WHAT YOU ARE ASKED TO DO:
Without including any images, reproduce each entry exactly.

PROVIDED RECORDS:
BEGIN

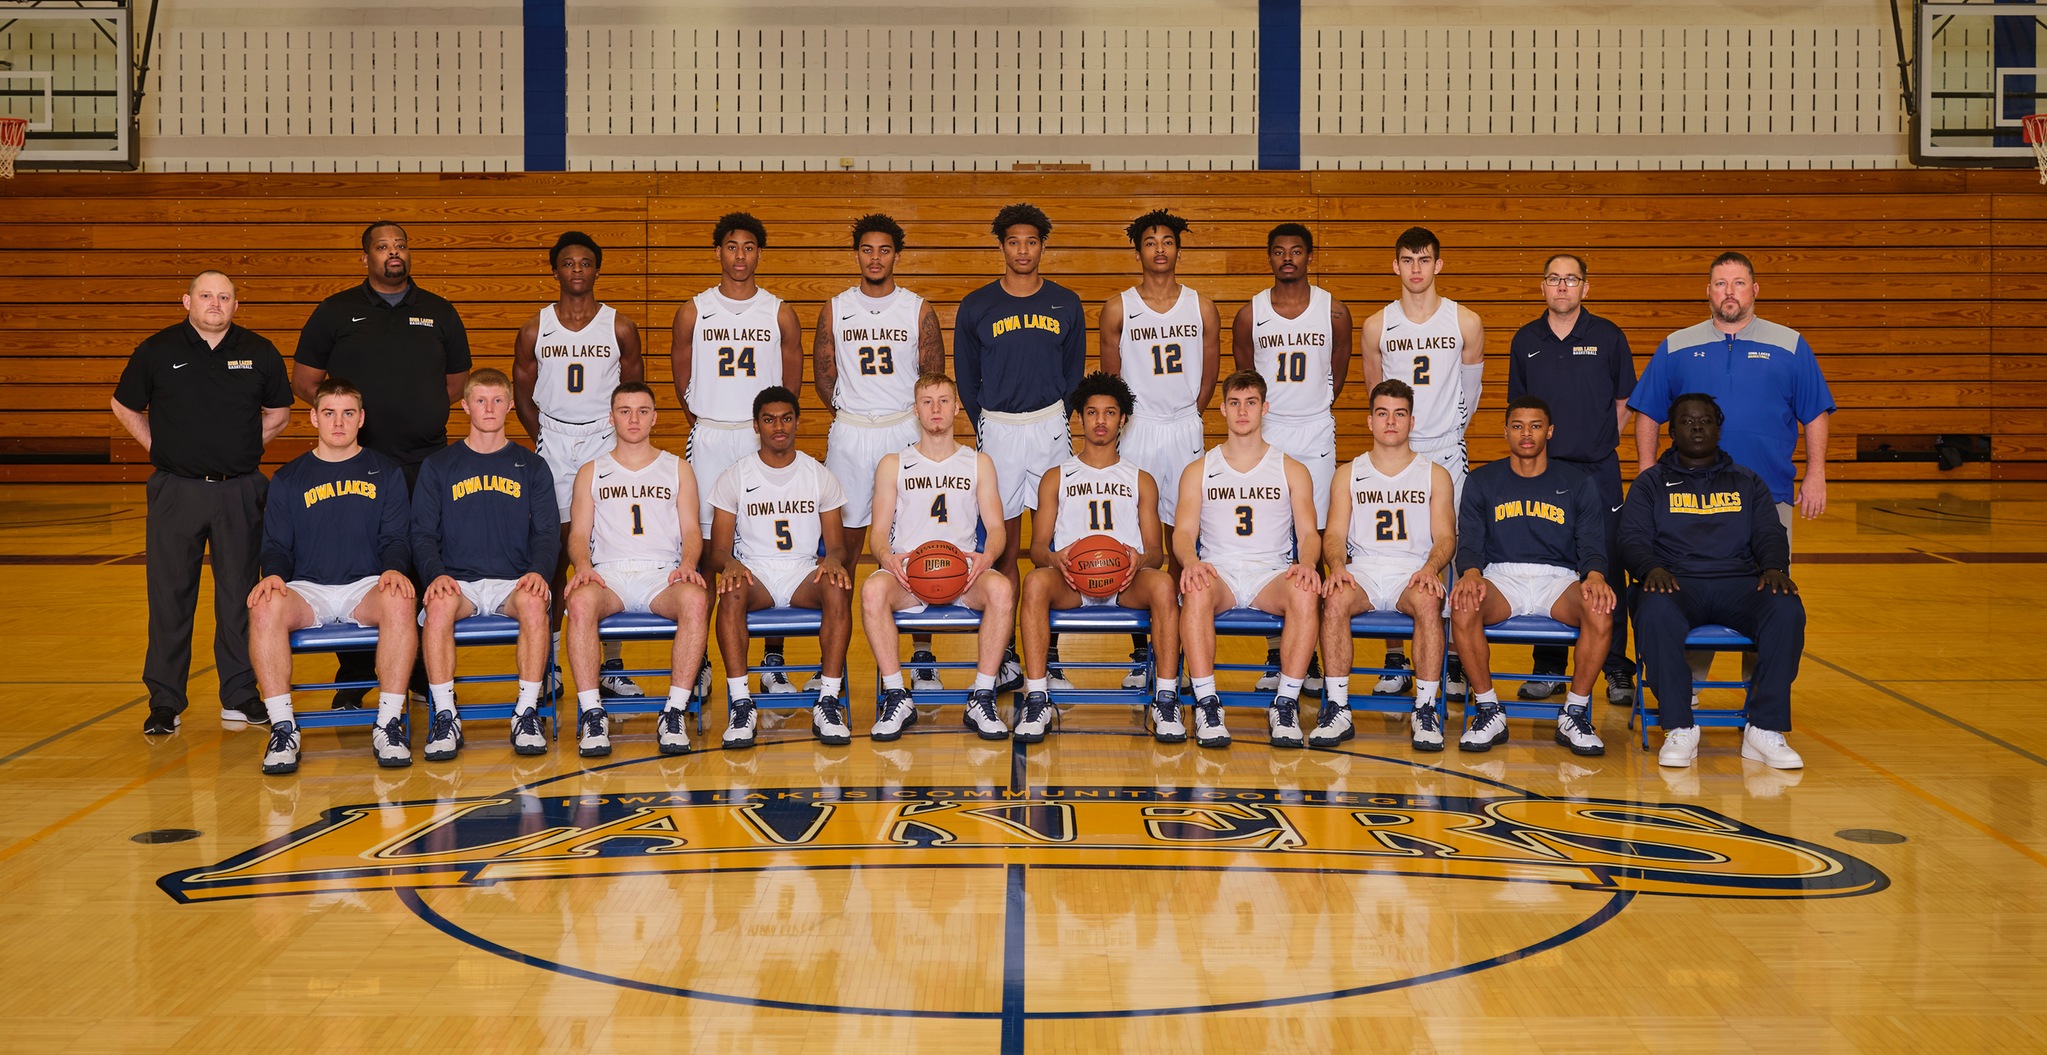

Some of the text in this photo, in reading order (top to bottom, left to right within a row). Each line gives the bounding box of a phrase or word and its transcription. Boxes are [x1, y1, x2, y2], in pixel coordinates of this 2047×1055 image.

[843, 328, 908, 341] IOWA LAKES
[992, 314, 1060, 338] IOWA LAKES
[1130, 325, 1198, 341] IOWA LAKES
[703, 328, 771, 342] IOWA LAKES
[1258, 333, 1325, 349] IOWA LAKES
[542, 345, 610, 358] IOWA LAKES
[1386, 336, 1456, 352] IOWA LAKES
[718, 347, 756, 377] 24
[858, 346, 894, 376] 23
[1151, 343, 1183, 376] 12
[1276, 352, 1306, 382] 10
[567, 363, 584, 394] 0
[1413, 355, 1430, 385] 2
[452, 474, 521, 502] IOWA LAKES
[905, 475, 971, 491] IOWA LAKES
[1066, 482, 1132, 498] IOWA LAKES
[304, 480, 377, 509] IOWA LAKES
[600, 485, 671, 500] IOWA LAKES
[1207, 487, 1281, 500] IOWA LAKES
[1356, 490, 1425, 504] IOWA LAKES
[1670, 492, 1741, 509] IOWA LAKES
[747, 500, 814, 516] IOWA LAKES
[930, 493, 948, 524] 4
[1088, 500, 1114, 530] 11
[1495, 500, 1565, 525] IOWA LAKES
[631, 503, 644, 536] 1
[1234, 505, 1254, 536] 3
[1376, 508, 1408, 541] 21
[774, 519, 794, 551] 5
[915, 544, 959, 556] SPALDING
[924, 559, 951, 572] NJCAA
[1078, 557, 1121, 571] SPALDING
[1088, 577, 1114, 589] NJCAA
[562, 795, 690, 807] IOWA
[712, 791, 868, 801] LAKES
[1202, 791, 1430, 806] COLLEGE
[158, 796, 1888, 900] LAKERS
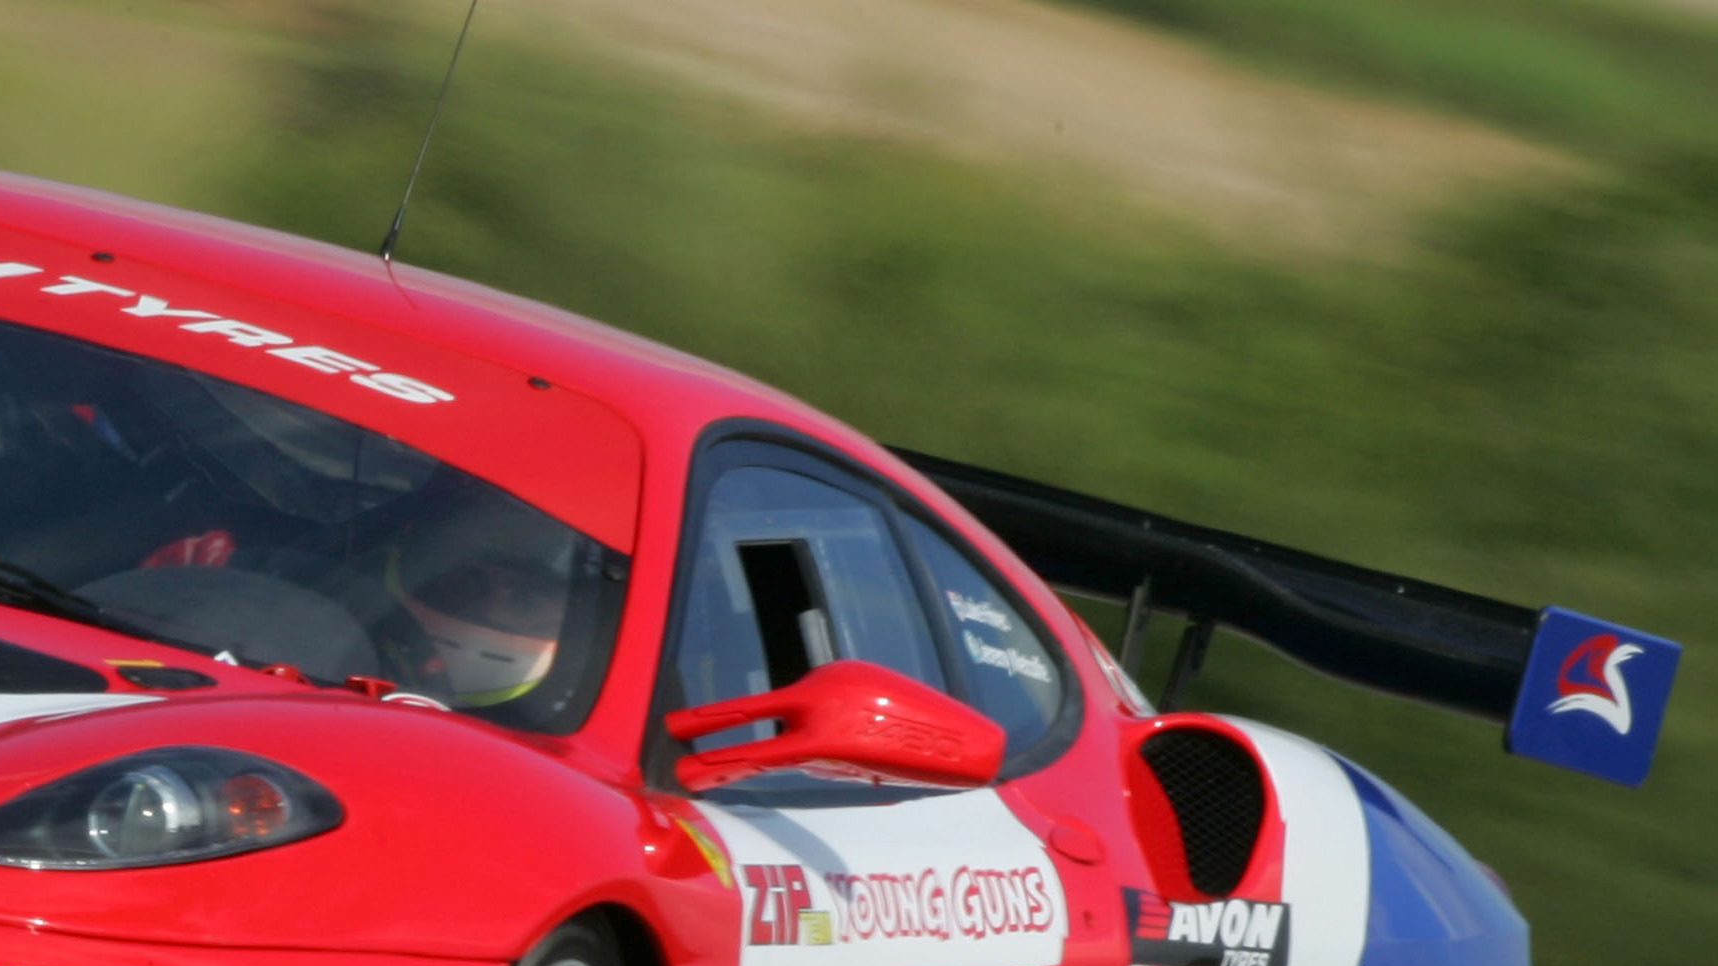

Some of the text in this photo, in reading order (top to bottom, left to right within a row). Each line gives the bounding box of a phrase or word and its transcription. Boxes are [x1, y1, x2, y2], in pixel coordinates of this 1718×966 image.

[40, 274, 456, 405] TYRES
[823, 866, 951, 942] YOUNG
[949, 864, 1055, 941] GUNS
[1168, 897, 1283, 951] AVON
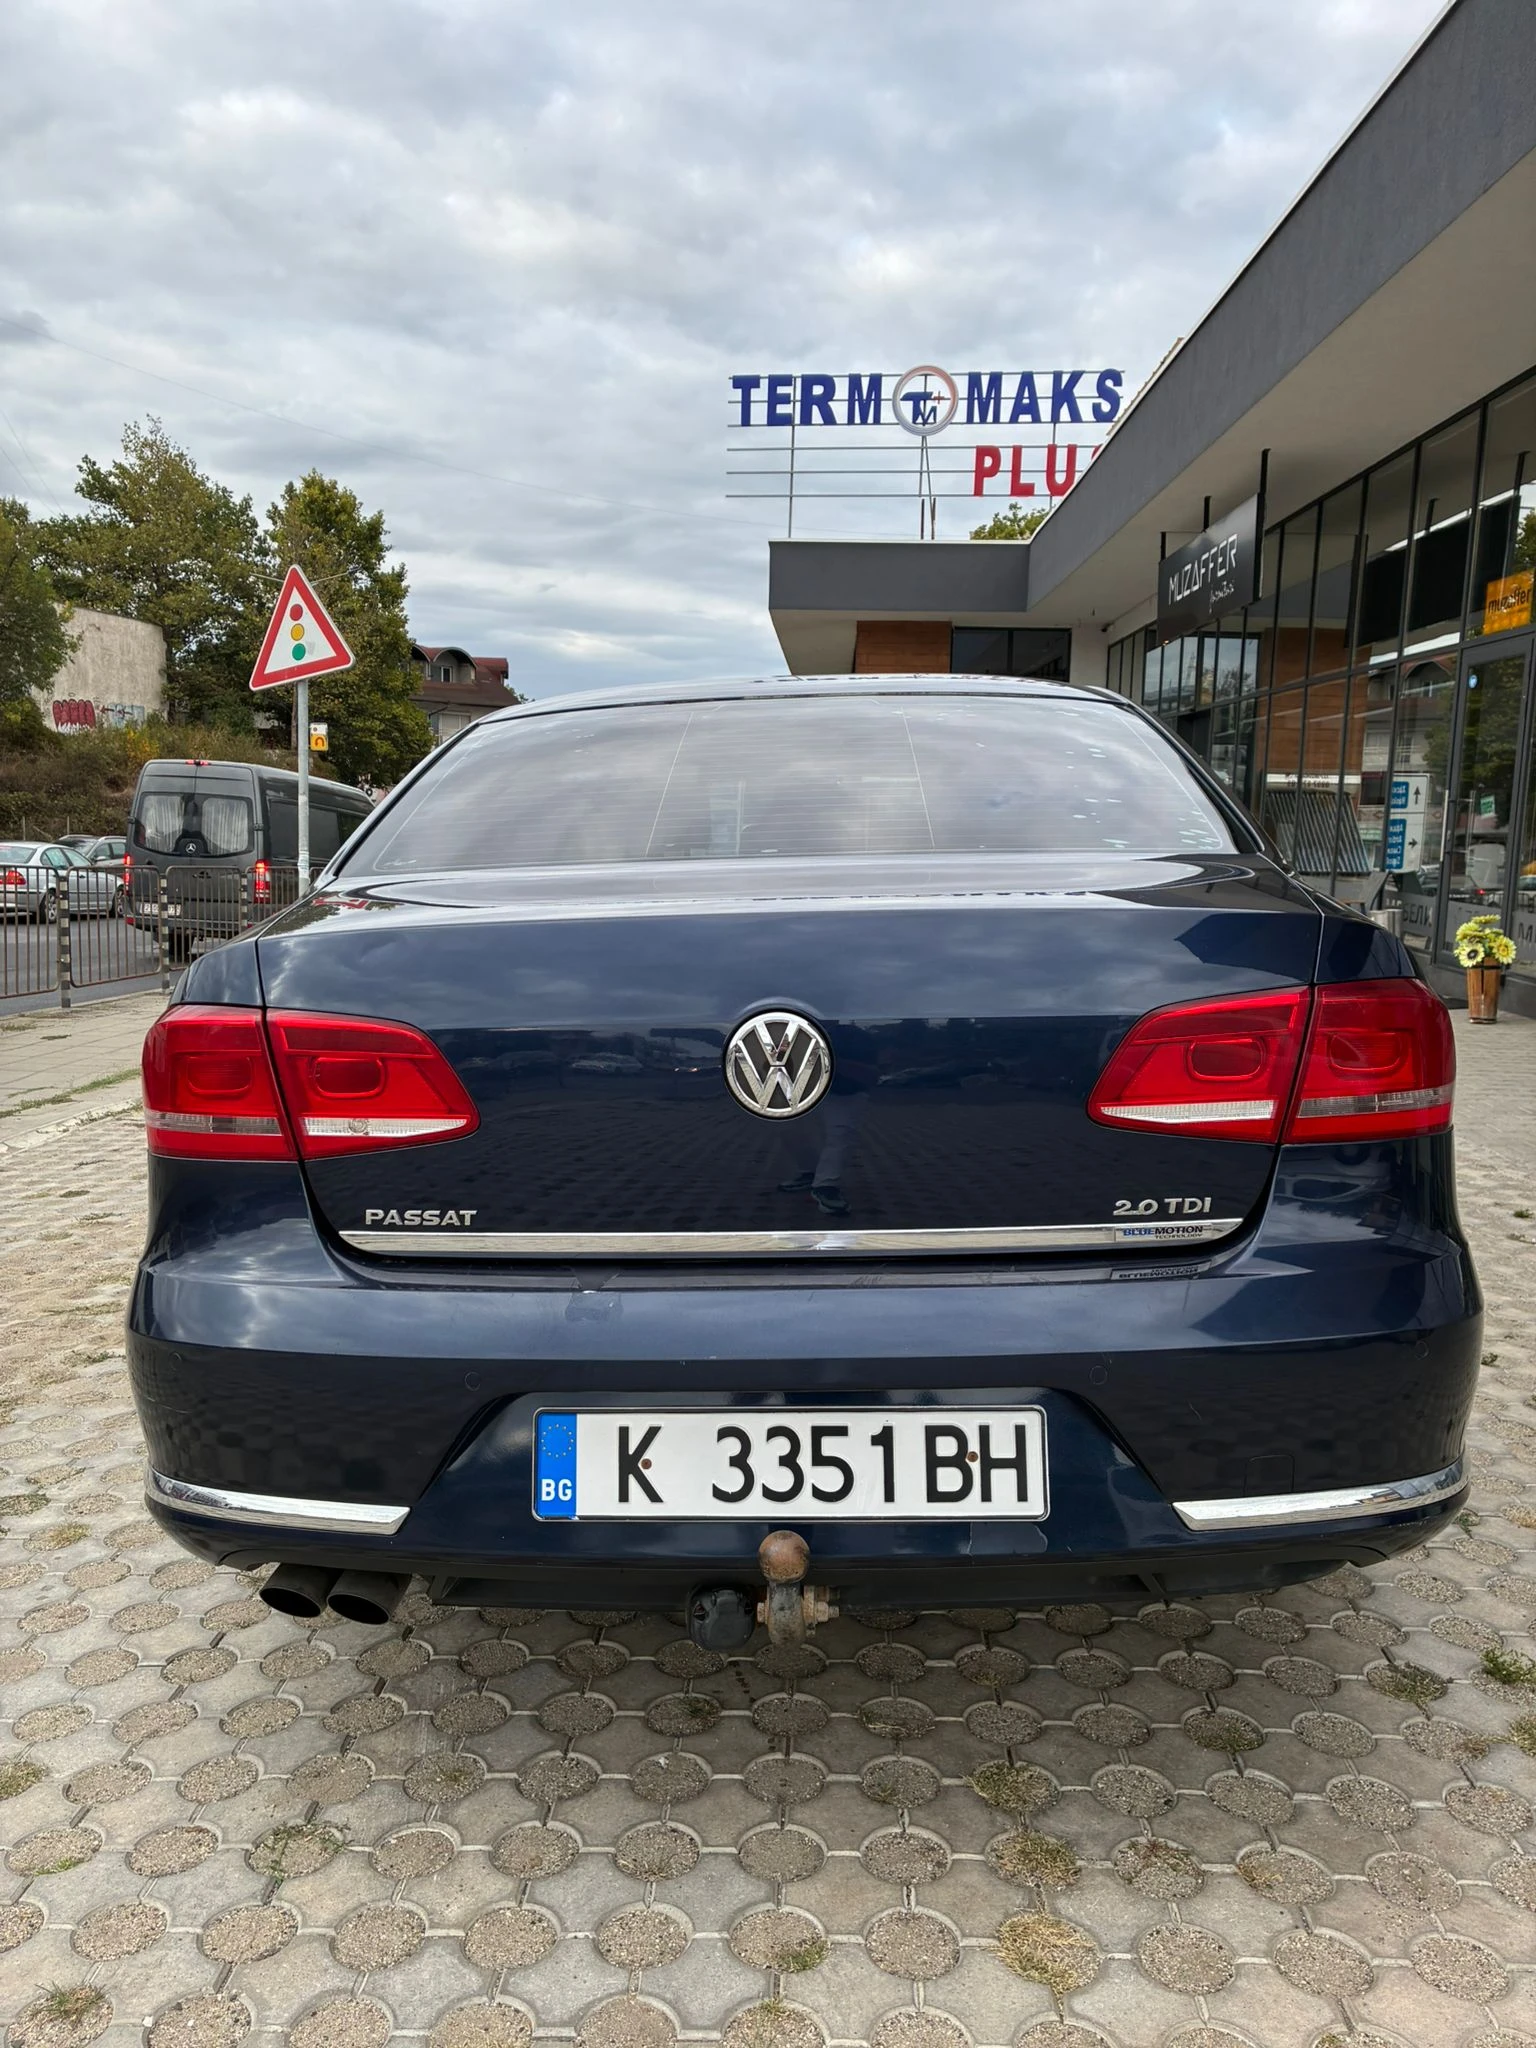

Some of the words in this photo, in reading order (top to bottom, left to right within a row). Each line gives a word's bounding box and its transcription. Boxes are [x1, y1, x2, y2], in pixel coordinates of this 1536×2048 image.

[966, 369, 1123, 423] MAKS
[973, 444, 1103, 497] PLU
[1168, 533, 1238, 606] MUZAFFER
[365, 1209, 478, 1226] PASSAT
[1164, 1197, 1212, 1214] TDI
[1123, 1225, 1204, 1237] BLUEMOTION
[617, 1426, 663, 1503] K
[712, 1425, 895, 1503] 3351
[926, 1425, 1029, 1503] BH
[541, 1479, 573, 1502] BG
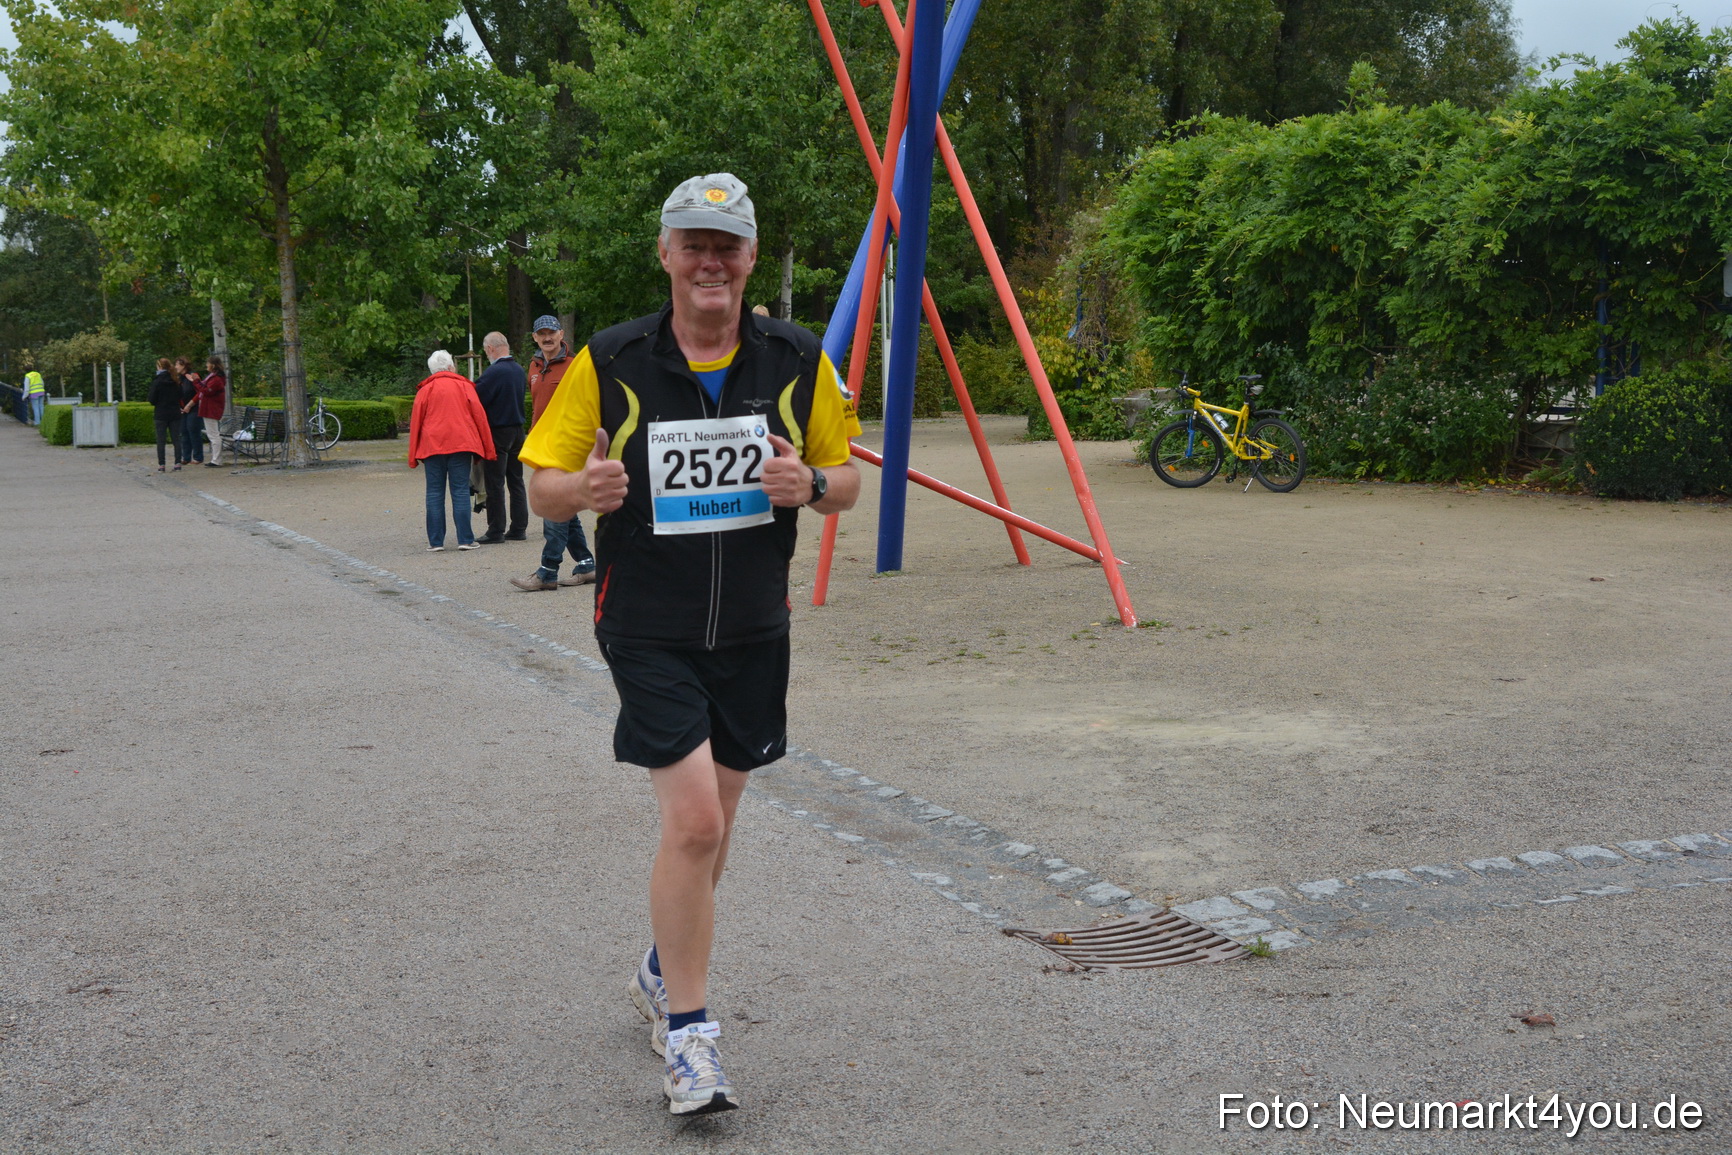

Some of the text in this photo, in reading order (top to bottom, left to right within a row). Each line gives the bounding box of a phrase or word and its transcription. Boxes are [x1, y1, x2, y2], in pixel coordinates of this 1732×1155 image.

END

RESPONSE TO THE TASK:
Some of the text in this photo, in reading order (top to bottom, left to right within a row). Each line gives the bounding box of a phrase or word and its transcription. Boxes are [x1, y1, x2, y2], in pixel coordinates of this 2047×1055 image.

[843, 328, 908, 341] IOWA LAKES
[992, 314, 1060, 338] IOWA LAKES
[1130, 325, 1198, 341] IOWA LAKES
[703, 328, 771, 342] IOWA LAKES
[1258, 333, 1325, 349] IOWA LAKES
[542, 345, 610, 358] IOWA LAKES
[1386, 336, 1456, 352] IOWA LAKES
[718, 347, 756, 377] 24
[858, 346, 894, 376] 23
[1151, 343, 1183, 376] 12
[1276, 352, 1306, 382] 10
[567, 363, 584, 394] 0
[1413, 355, 1430, 385] 2
[452, 474, 521, 502] IOWA LAKES
[905, 475, 971, 491] IOWA LAKES
[1066, 482, 1132, 498] IOWA LAKES
[304, 480, 377, 509] IOWA LAKES
[600, 485, 671, 500] IOWA LAKES
[1207, 487, 1281, 500] IOWA LAKES
[1356, 490, 1425, 504] IOWA LAKES
[1670, 492, 1741, 509] IOWA LAKES
[747, 500, 814, 516] IOWA LAKES
[930, 493, 948, 524] 4
[1088, 500, 1114, 530] 11
[1495, 500, 1565, 525] IOWA LAKES
[631, 503, 644, 536] 1
[1234, 505, 1254, 536] 3
[1376, 508, 1408, 541] 21
[774, 519, 794, 551] 5
[915, 544, 959, 556] SPALDING
[924, 559, 951, 572] NJCAA
[1078, 557, 1121, 571] SPALDING
[1088, 577, 1114, 589] NJCAA
[562, 795, 690, 807] IOWA
[712, 791, 868, 801] LAKES
[1202, 791, 1430, 806] COLLEGE
[158, 796, 1888, 900] LAKERS

Some of the text in this photo, in reading order (top to bottom, left to right within a row). Each line gives the bounding box of a phrase or word and its transcription. Boxes are [x1, y1, x2, y2], in pixel coordinates of this 1718×966 image.

[40, 274, 456, 405] TYRES
[823, 866, 951, 942] YOUNG
[949, 864, 1055, 941] GUNS
[1168, 897, 1283, 951] AVON

Some of the words in this photo, in reading order (top to bottom, left to right within a row). Each line gives a word's bounding box and its transcription. Boxes are [x1, y1, x2, y2], in pixel coordinates of this 1536×2048 image.

[966, 369, 1123, 423] MAKS
[973, 444, 1103, 497] PLU
[1168, 533, 1238, 606] MUZAFFER
[365, 1209, 478, 1226] PASSAT
[1164, 1197, 1212, 1214] TDI
[1123, 1225, 1204, 1237] BLUEMOTION
[617, 1426, 663, 1503] K
[712, 1425, 895, 1503] 3351
[926, 1425, 1029, 1503] BH
[541, 1479, 573, 1502] BG

Some of the text in this photo, in reading order (top to bottom, left to right within a row). Each line gives the bounding box of a phrase or word and its transcription. Boxes are [x1, y1, x2, y2], in pixel coordinates of this 1732×1155 image.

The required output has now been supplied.